Turkey Vultures are carrion birds, they eat animals that are already dead. Eagles hunt for live prey. I don’t think these two types of birds compete with each other in the food chain, and that it is quite possible that we are seeing both Turkey Vultures and Eagles.
We have a few more flowers blooming now at the camp. I spied a white Trillium in the bush, and Attila says there are carpets of them at the back of the property. The wild Coltsfoot is blooming in several spots along the creek, pretty yellow flowers. We also found a flower that we could not identify, a pretty white flower, which I took a photo of and had to look up on the internet when we got home. The carpets of Mayflowers and Trout Lilies are beautiful right now. I have been looking for Hepaticas, but so far I haven’t found any.
There were no mosquitoes today at the Camp, I think it was too cold for them. There were a few black flies, but they were not swarming, so they were quite bearable.
Attila is sleeping now. And me, well I’ve been tending an open fire for two days, time for a shower!
Date: 5:00 PM EDT Sunday 24 April 2016
Condition: Mostly Cloudy
Pressure: 102.0 kPa
Visibility: 24 km
Wind: SSW 16 km/h
“The moment we begin to fear the opinions of others and hesitate to tell the truth that is in us, and from motives of policy are silent when we should speak, the divine floods of light and life no longer flow into our souls.”
Elizabeth Cady Stanton
1815 – 1902
You’re doing a good job with your site. Yes, the wild grapes need to be killed off, lest they strangle your trees. And I’m very glad to see you’re so cautious with your fire. We have neighbors here who play at having a firepit in their backyard and it concerns me no end that they don’t have a problem with leaving embers burning at night and that in the summer dry times they’ll stoke their fire until it sends sparks up into the trees.
That does look like bloodroot to me.

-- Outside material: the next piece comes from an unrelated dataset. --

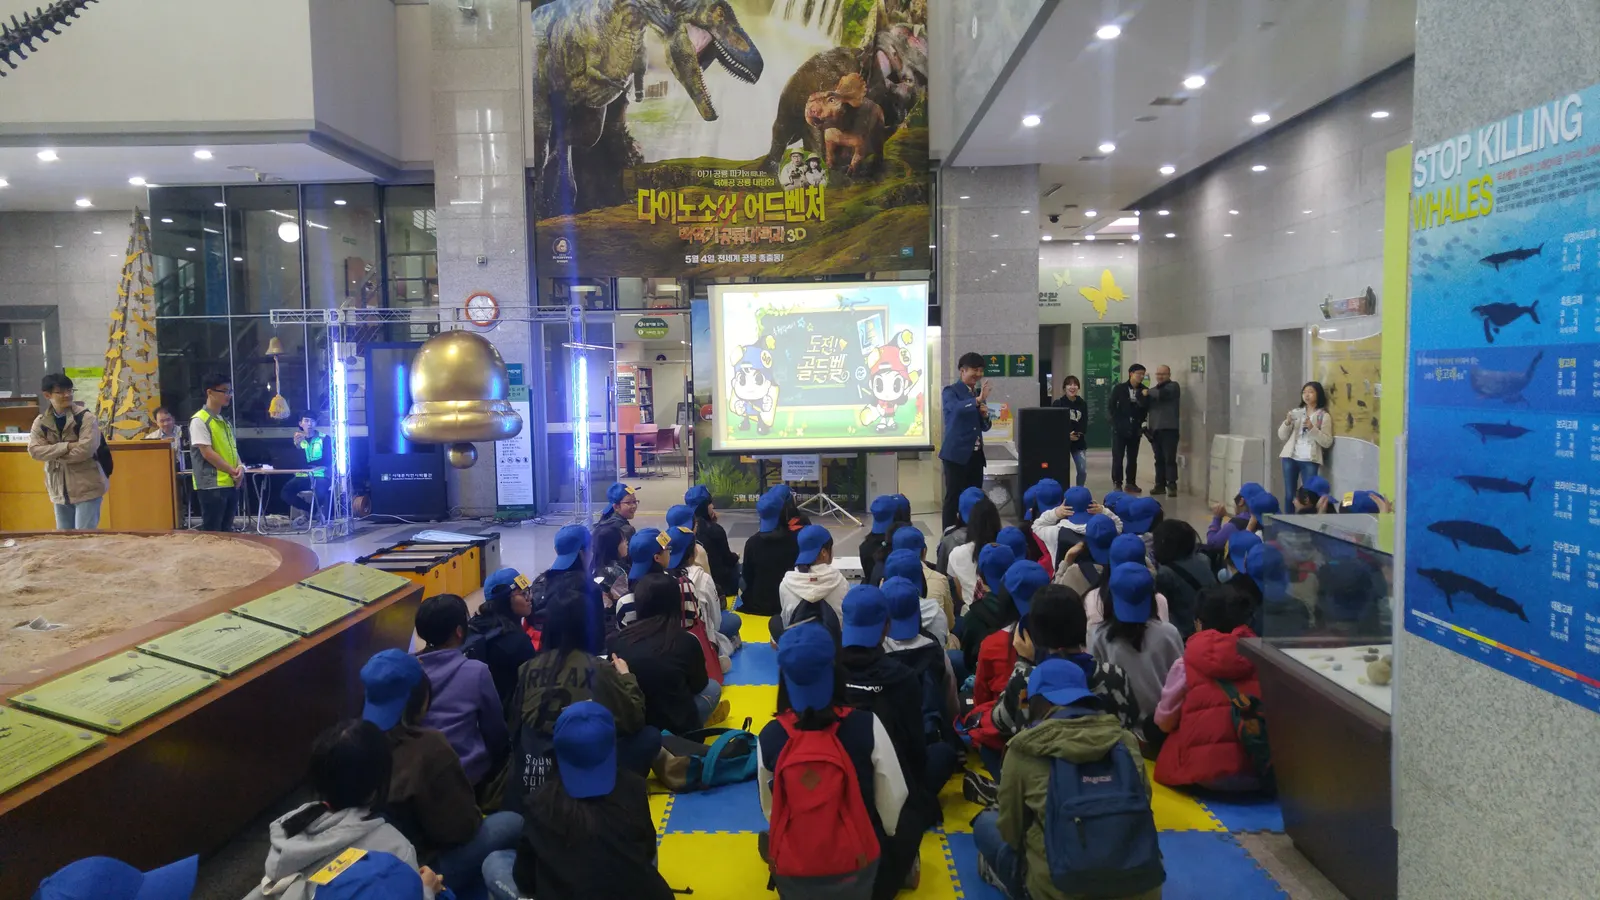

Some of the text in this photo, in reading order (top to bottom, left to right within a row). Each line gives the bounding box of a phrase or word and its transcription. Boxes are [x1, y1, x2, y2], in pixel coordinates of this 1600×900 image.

Both the flower and leaves look correct.
Have a nice evening.
Teri, the wild grapes are difficult for me to spot. Attila managed a farm with fruit trees for many, many years, and can spot them easily. We will get them all, eventually.
We had a forest fire near our farm when I was a kid, careless campers. I remember it vividly, and a week after the fire, we managed to start our own campfire with twigs, using the embers left from the forest fire. My Mom found out what we had been up to. We only did that once!
Lol, kids! I can remember putting a tiny pile of dry leaves on the sidewalk and lighting it afire with a magnifying glass. Thank goodness that was the extent of my pyromania. 😉 A year or two later I’d learn about making camp fires at camp.
I do love the smell of an open wood fire. One of my favorite scents! Unfortunately, I am reactive to both cigarette and wood smoke so eventually, after an hour or two, the smoke would have my face turning a bright red and feeling like a sunburn. So now I’m cautious with being around fires, but they’re still a favorite and I enjoy them (short term) whenever I get the chance.
Teri, kids with curious minds get into all sorts of things, good thing we had adults watching over us!
I love the camp fire! I stay out of the smoke though, moving around constantly to make sure I am well out of it. We haven’t finished the fire pit, there are “cosmetic” additions we want to make, beyond the basic code we needed to follow. We are going to put a short “back wall” of granite in one corner, opposite the channel for air to enter the bottom of the fire pit. Hopefully this will channel the smoke consistently up the wall, so we won’t need to move our chairs around as the smoke changes direction. It almost seems as if it follows us around in circles, lol.